Rachel Weisz and Rachel McAdams open up to Roxy Bourdillon about playing lovers in Disobedience 

BY ROXY BOURDILLON

Rachel Weisz and Rachel McAdams are making out. In an anonymous hotel room, they kiss each other hungrily, their bodies straining with lust. McAdams tips her head back and in a move that seems practiced, like this isn’t the first time they’ve done this, Weisz gently dribbles her saliva into McAdams’ expectant mouth. It’s a shockingly sensual act. McAdams swallows and parts her lips again, ready for more.

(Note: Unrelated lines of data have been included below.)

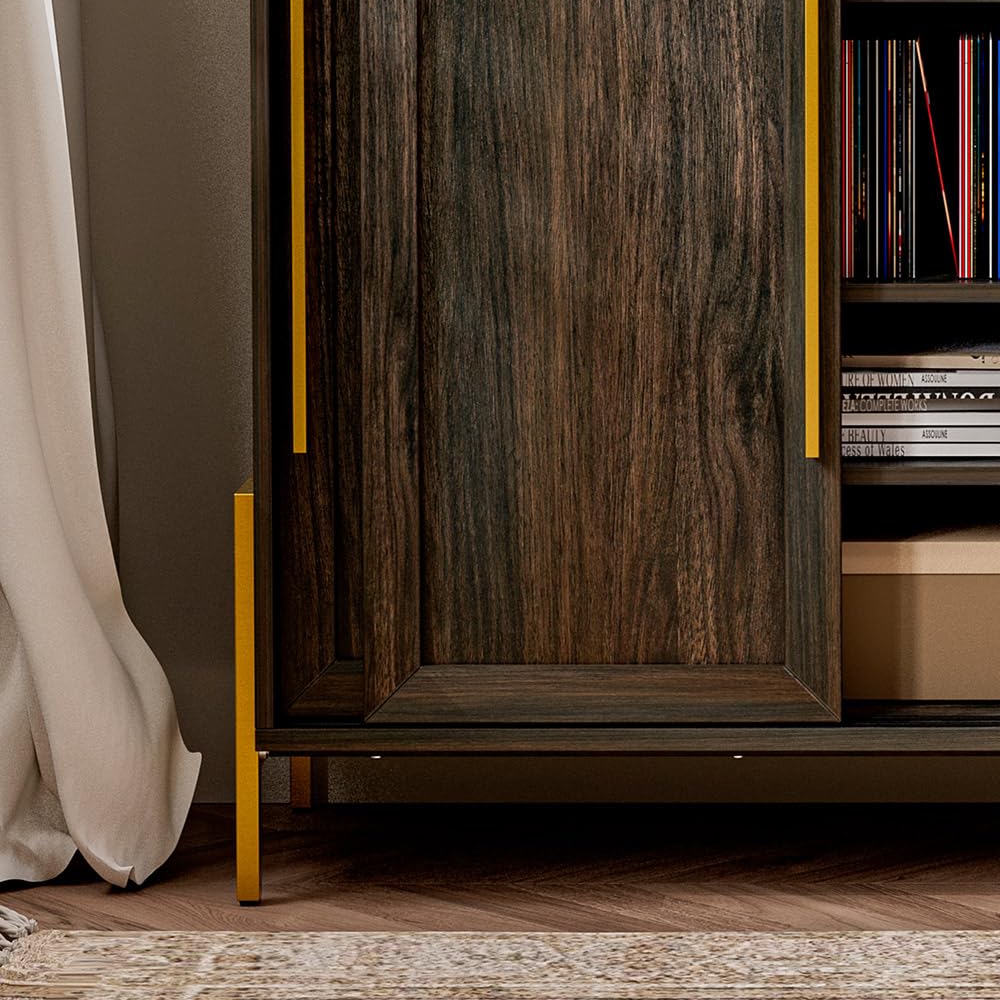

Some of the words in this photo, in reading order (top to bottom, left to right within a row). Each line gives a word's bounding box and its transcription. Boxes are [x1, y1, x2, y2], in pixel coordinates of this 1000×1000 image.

[862, 373, 875, 387] OF
[877, 373, 914, 387] WOMEN
[921, 374, 948, 384] ASSOULINE
[860, 399, 900, 412] COMPLETE
[901, 399, 928, 412] WORKS
[848, 429, 887, 442] BEAUTY
[922, 429, 948, 439] ASSOULINE
[864, 444, 874, 457] of
[877, 443, 905, 457] Wales
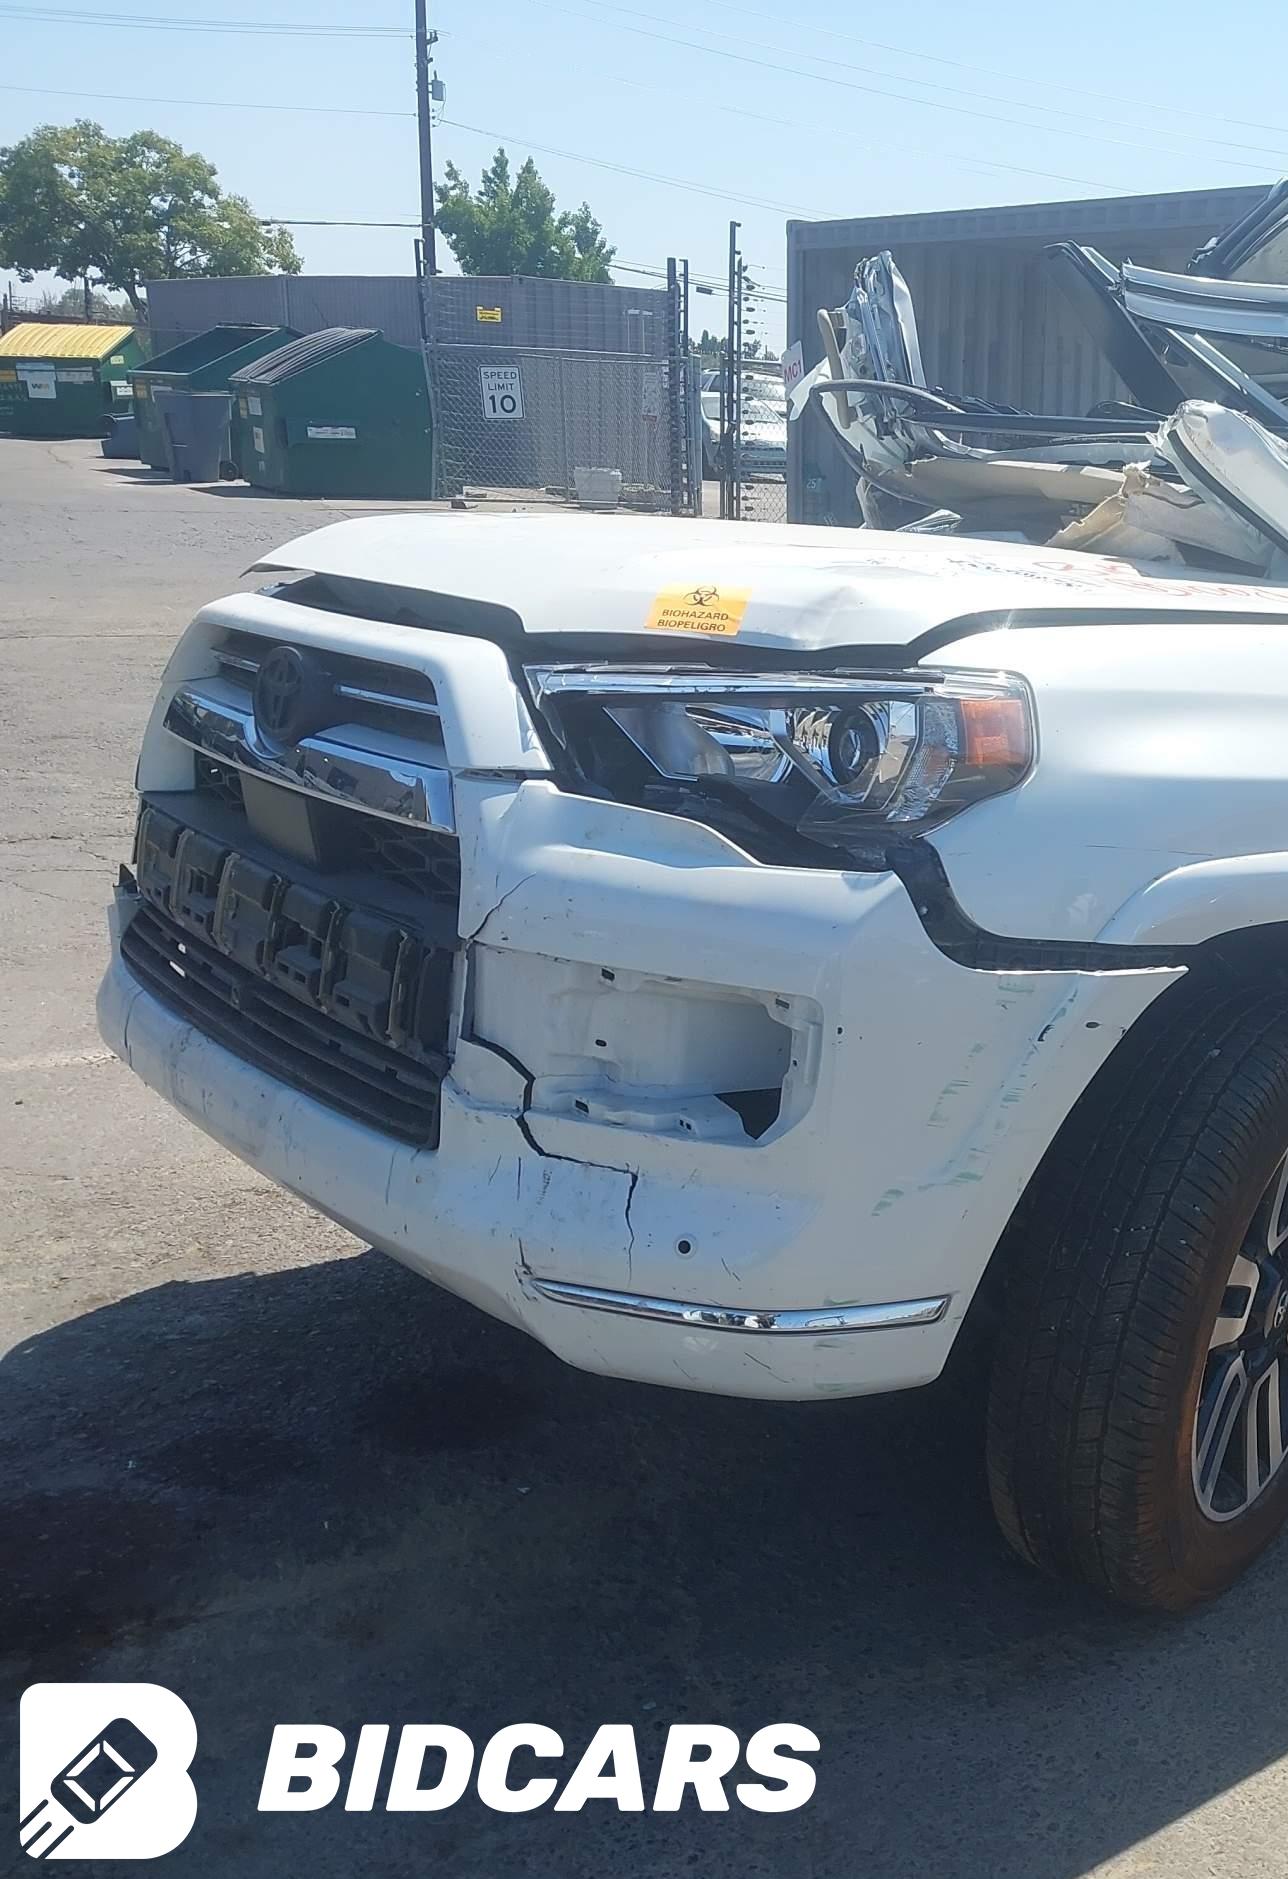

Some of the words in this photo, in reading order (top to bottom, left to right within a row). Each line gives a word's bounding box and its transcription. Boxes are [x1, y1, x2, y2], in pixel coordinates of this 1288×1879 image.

[483, 371, 517, 380] SPEED
[488, 383, 515, 391] LIMIT
[488, 394, 517, 414] 10
[662, 608, 729, 621] BIOHAZARD
[657, 619, 726, 632] BIOPELIGRO

A few days after watching Disobedience, my head still filled with flashbacks from the acclaimed new film about forbidden sapphic passion in the Orthodox Jewish community, I can’t quite believe it but I’m on the phone to Rachel Weisz. Seizing the moment, I ask what she thought when she first read that spittle stage direction. There’s a pause. A pause so long I worry I’ve overstepped the mark and already blown this A-list interview. Then finally, I get my answer. “Erm… pretty hot, I think.” I exhale with relief as she continues, her tone considered and charming. “I’m not saying it’s this universal gesture that would turn everyone on, but I thought it was original, something I’ve not seen onscreen before. Very, very intimate.”

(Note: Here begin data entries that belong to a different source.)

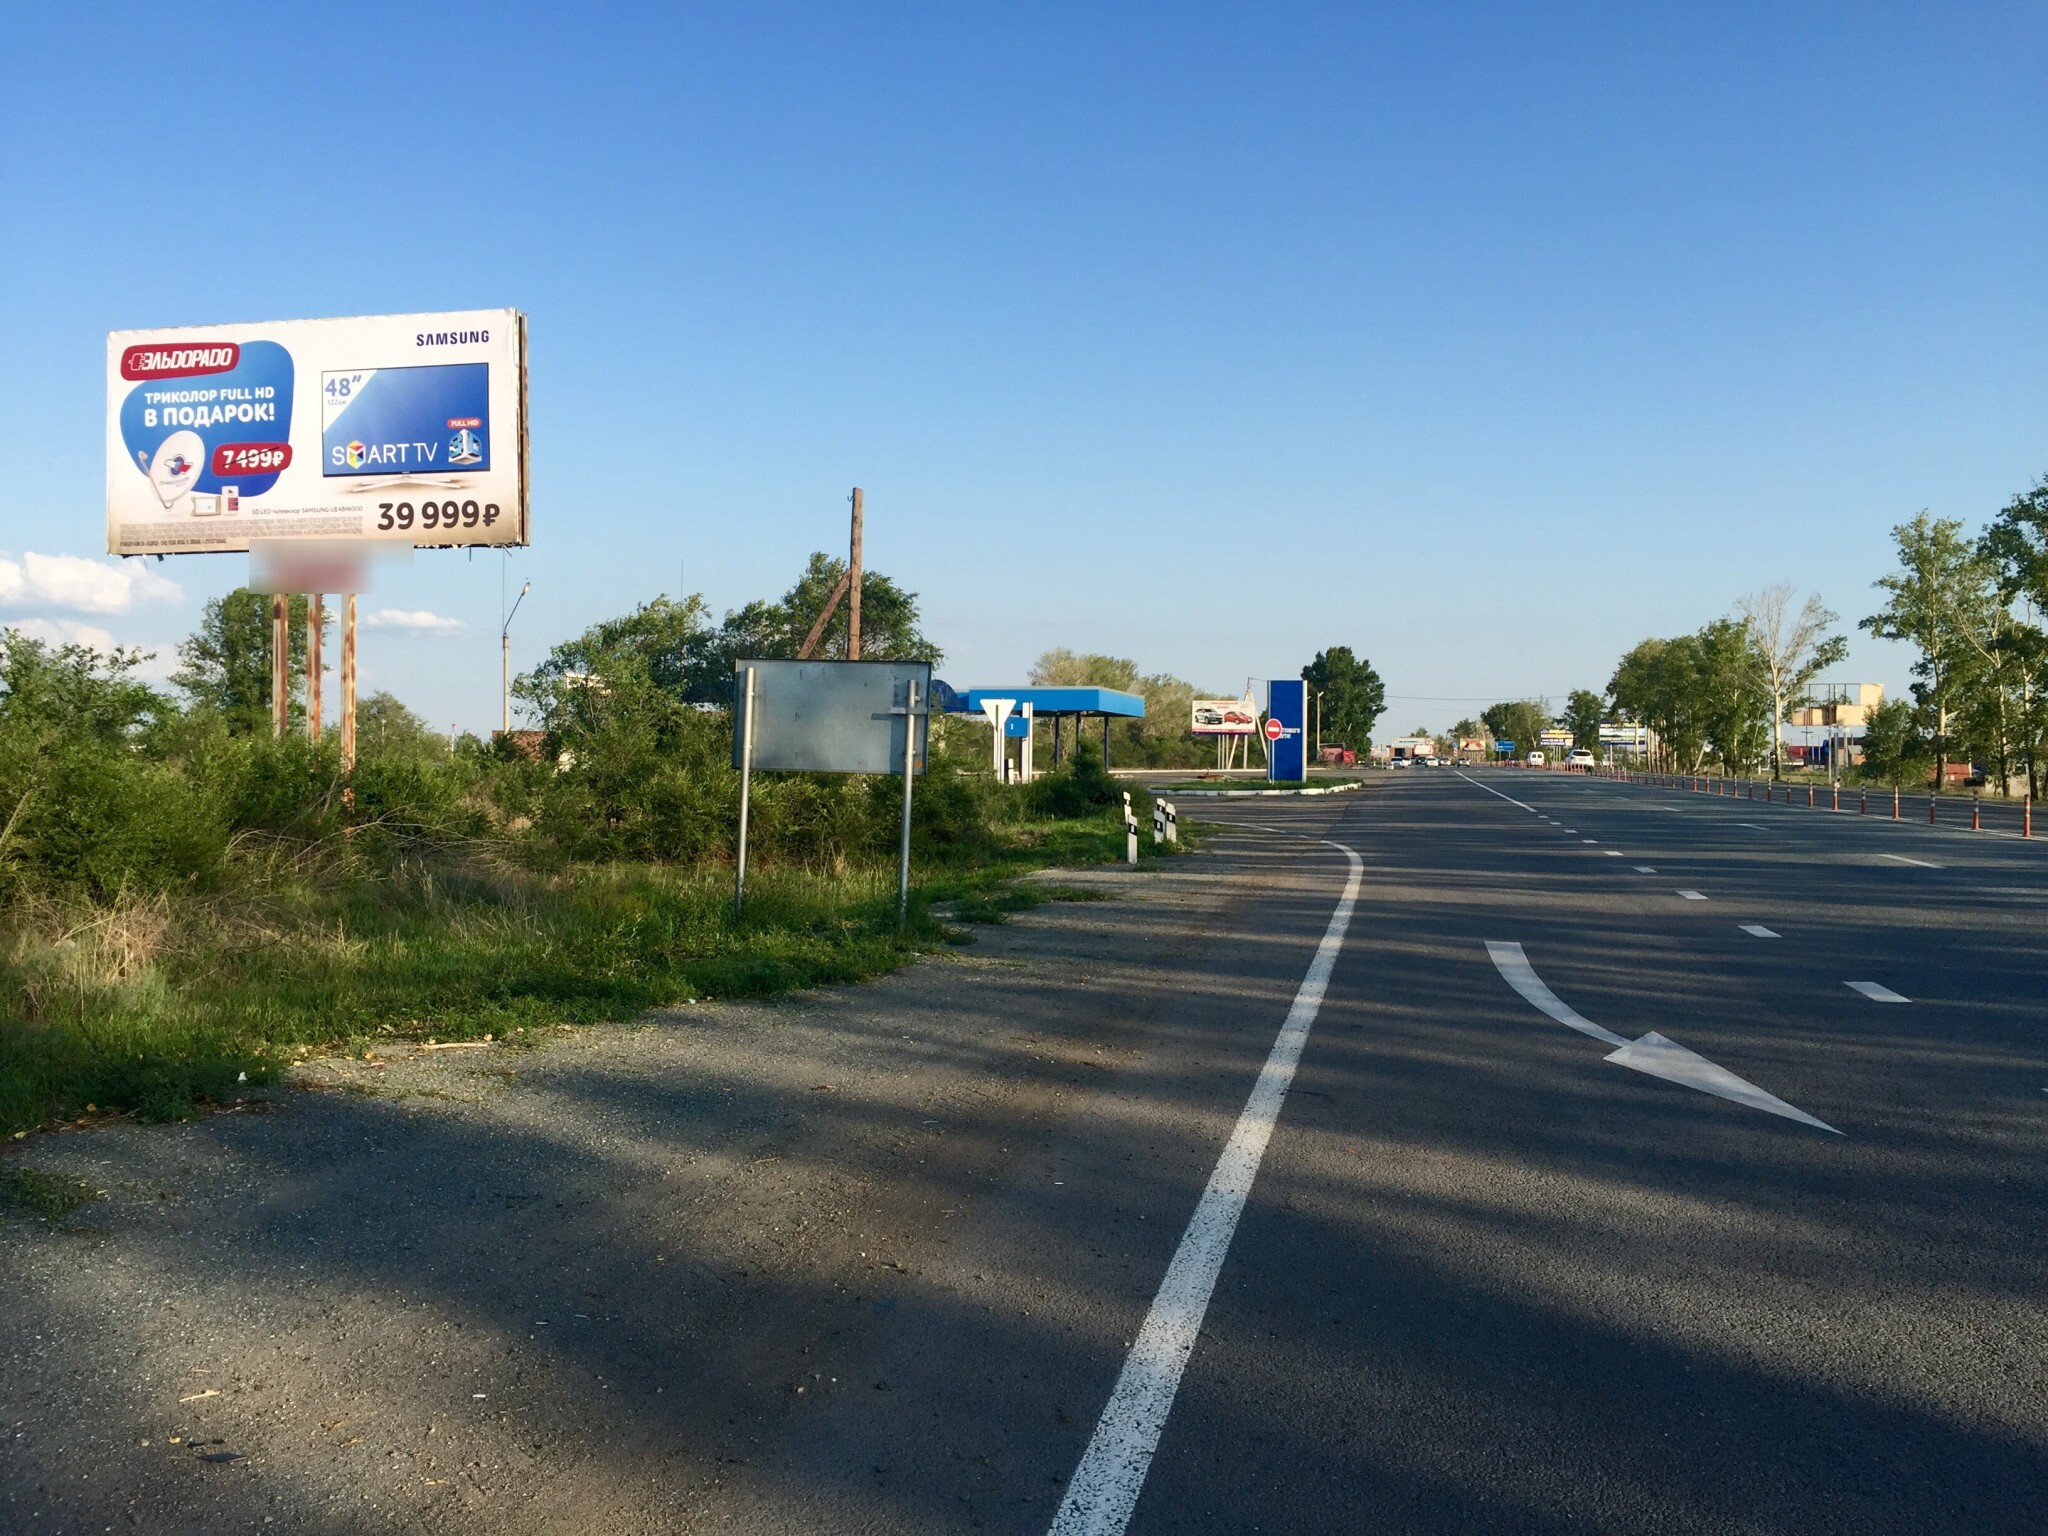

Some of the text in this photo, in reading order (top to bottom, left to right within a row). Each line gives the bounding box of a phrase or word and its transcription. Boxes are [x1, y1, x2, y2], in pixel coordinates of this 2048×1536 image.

[416, 330, 490, 346] SAMSUNG
[144, 386, 275, 404] ТРИКОЛОР FULL HD
[144, 403, 275, 429] В ПОДАРОК!
[451, 419, 479, 428] FULL HD
[331, 439, 438, 470] SMART TV
[301, 506, 329, 514] SAMSUNG
[378, 501, 415, 531] 39

Like the infamous peach scene in Call Me By Your Name, the exchange of bodily fluids in Disobedience has become shorthand for the film’s portrayal of transgressive, queer desire. Following the death of her estranged Rabbi father, Ronit (Weisz) returns to the north London Orthodox Jewish community she grew up in. There the free-spirited photographer discovers that her teenage sweetheart Esti (McAdams) has remained pious and married their mutual childhood friend Dovid (Alessandro Nivola). There’s a gut-wrenching moment where Ronit asks Esti if she still only fancies women and Esti whispers that she does. She’s chosen duty over desire. But Ronit’s homecoming brings Esti’s repressed lesbian urges to the forefront once more, and the second act is gratifyingly full of furtive, fervent encounters between these two women.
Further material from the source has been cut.